Clive Davis

More Information

Full Name:
Clive Jay Davis
Date of Birth:
4 April 1932
Place of Birth:
Brooklyn, New York, USA
Nationality:
United States
Profession(s):
Record producer, A&R executive, record executive, lawyer
Parents:
Herman Davis (Father), Florence Davis (Mother)
Partner:
Helen Cohen (Married, 1956 to 1965), Janet Adelberg (Married, 1965 to 1985)
Children:
Fred Davis (Son, Born 1960), Lauren Davis (Daughter, Born 1962), Mitchell Davis (Son, Born 1970), Doug Davis (Son, Born 1974)
Education:
Erasmus Hall High School, Brooklyn (High School), New York University (College), Harvard Law School (University)
Career Started:
1965
Professions:
Record producer, A&R executive, record executive, lawyer

Clive Davis Bio

Clive Jay Davis (April 4, 1932 – June 22, 2026) was an American record producer, A&R executive, record executive, and lawyer whose career reshaped popular music over six decades. He is widely credited with discovering and guiding some of the most important recording artists of the twentieth century, including Whitney Houston, Bruce Springsteen, Barry Manilow, and Aretha Franklin. Davis led Columbia Records, founded Arista Records and J Records, and ultimately served as Chief Creative Officer of Sony Music Entertainment, leaving a permanent mark on the modern recording industry.

Early Life and Background

Clive Jay Davis was born on April 4, 1932, in Brooklyn, New York City, to Jewish parents Herman and Florence Davis. His father worked as an electrician and salesman, and the family lived in the Crown Heights neighborhood of Brooklyn. Davis attended Erasmus Hall High School, where he first showed the academic discipline that would carry him through college and law school. Tragedy struck during his teenage years when his mother died at the age of 47, followed by the death of his father the following year, leaving Davis to move in with his married sister in Bayside, Queens.

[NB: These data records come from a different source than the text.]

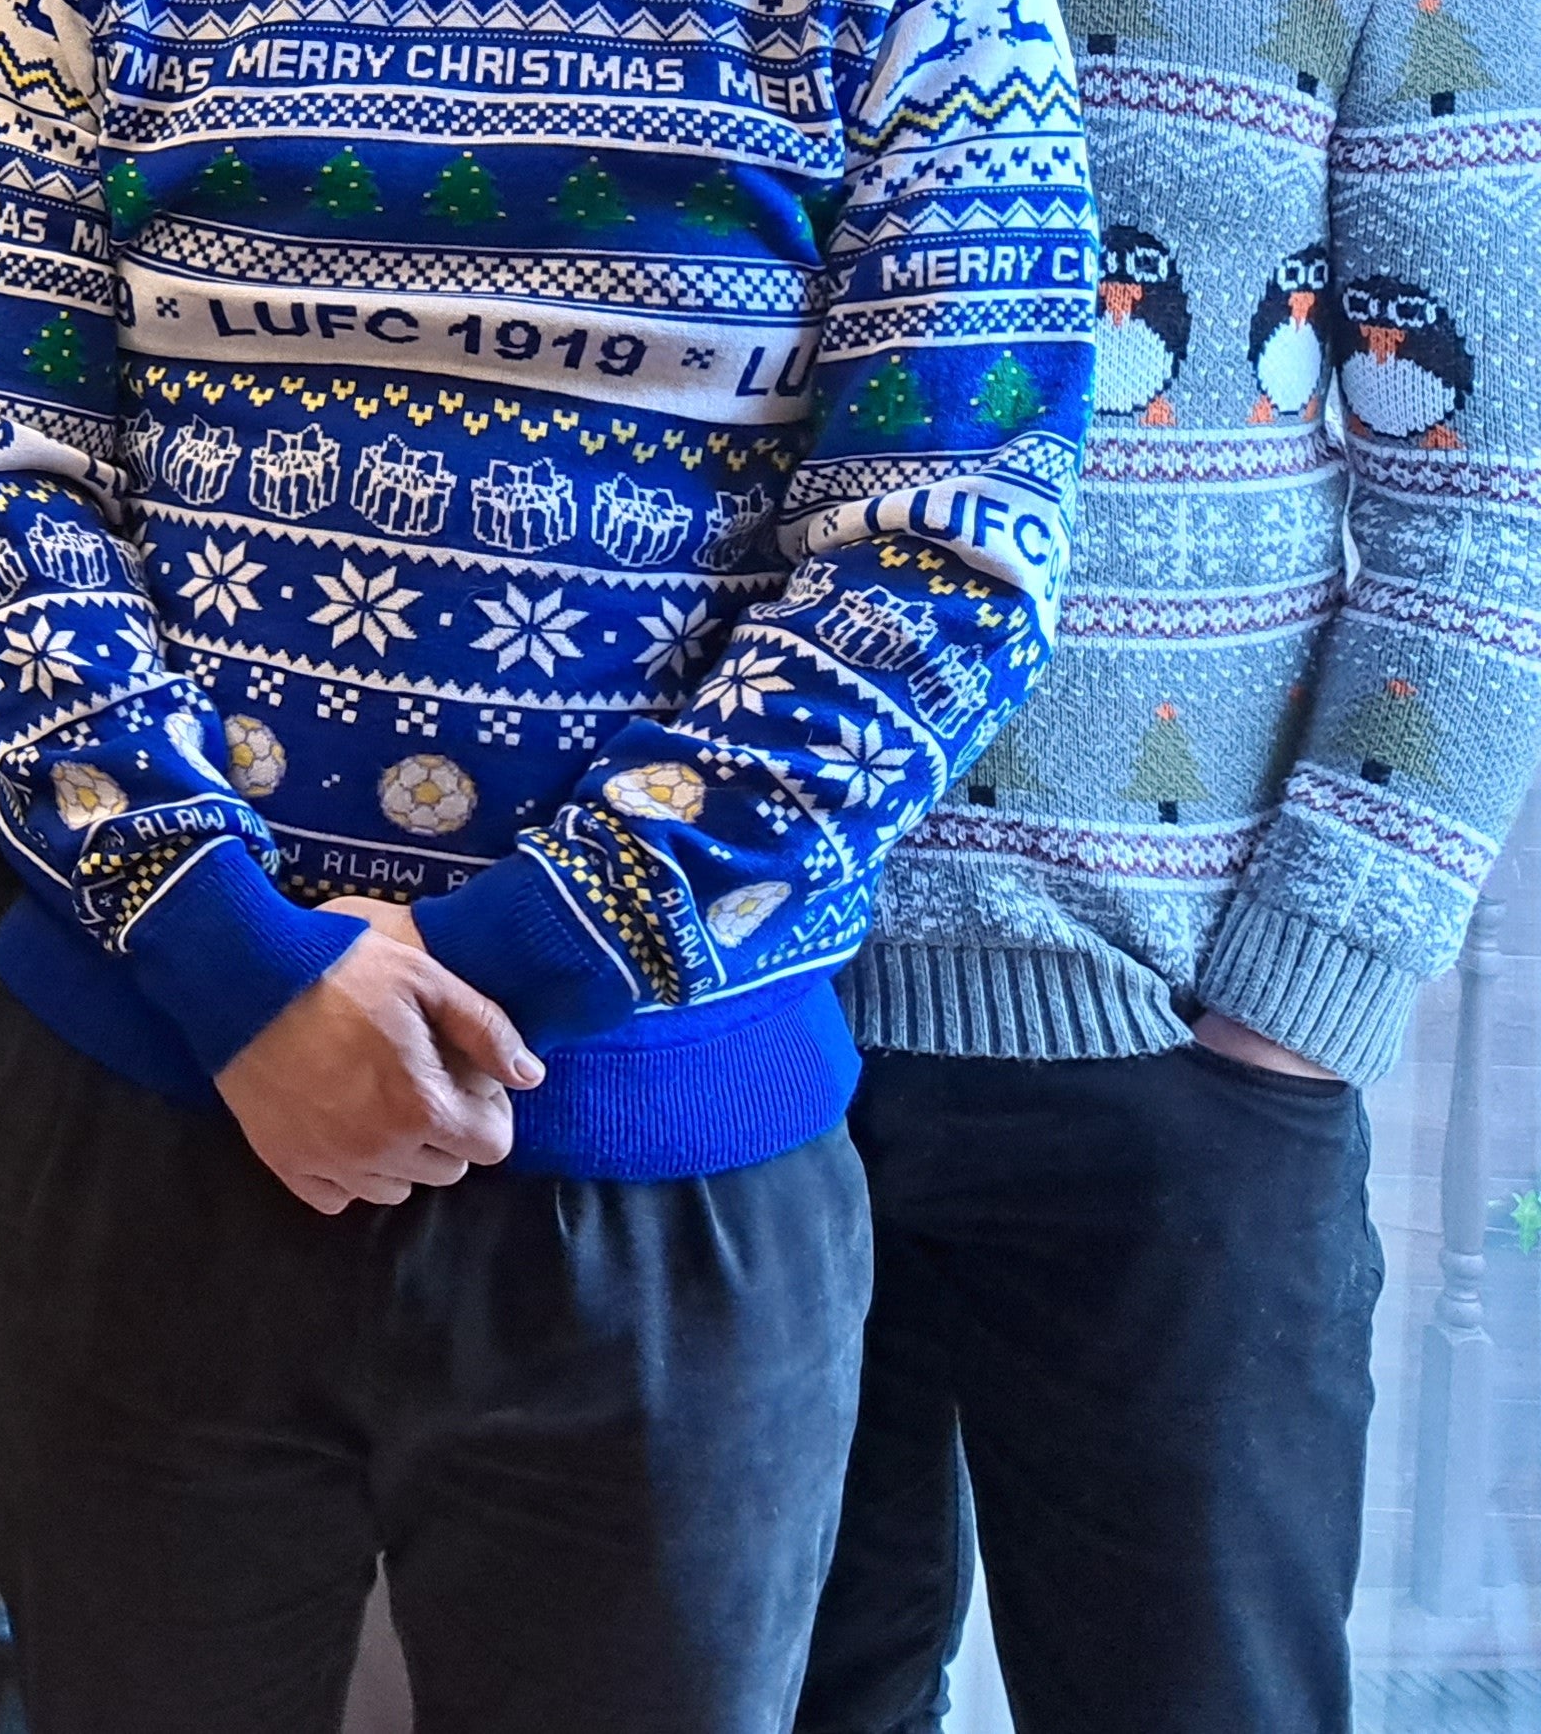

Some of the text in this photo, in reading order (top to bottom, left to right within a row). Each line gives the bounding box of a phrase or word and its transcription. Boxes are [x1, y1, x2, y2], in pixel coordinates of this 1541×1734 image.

[226, 38, 396, 81] MERRY
[406, 43, 686, 93] CHRISTMAS
[881, 244, 1043, 293] MERRY
[209, 298, 420, 344] LUFC
[447, 313, 648, 378] 1919
[132, 806, 227, 841] ALAW
[323, 850, 425, 887] ALAW
[657, 886, 708, 970] ALAW

Davis attended New York University College of Arts & Science, graduating magna cum laude with a degree in political science and earning induction into the Phi Beta Kappa honor society in 1953. He then received a full scholarship to Harvard Law School, from which he graduated in 1956. His legal training would prove essential when he transitioned from private law practice into the corporate side of the music business later that decade.

Path to Record Production

After graduating from Harvard, Davis practiced law at a small firm in New York before joining the firm of Rosenman, Colin, Kaye, Petschek, and Freund, where partner Ralph Colin represented CBS as a client. A former colleague at the firm, Harvey Schein, hired Davis to serve as assistant counsel of CBS subsidiary Columbia Records at the age of 28, and he was promoted to general counsel the following year. This entry into the corporate music world positioned him at the center of an industry on the cusp of major cultural change.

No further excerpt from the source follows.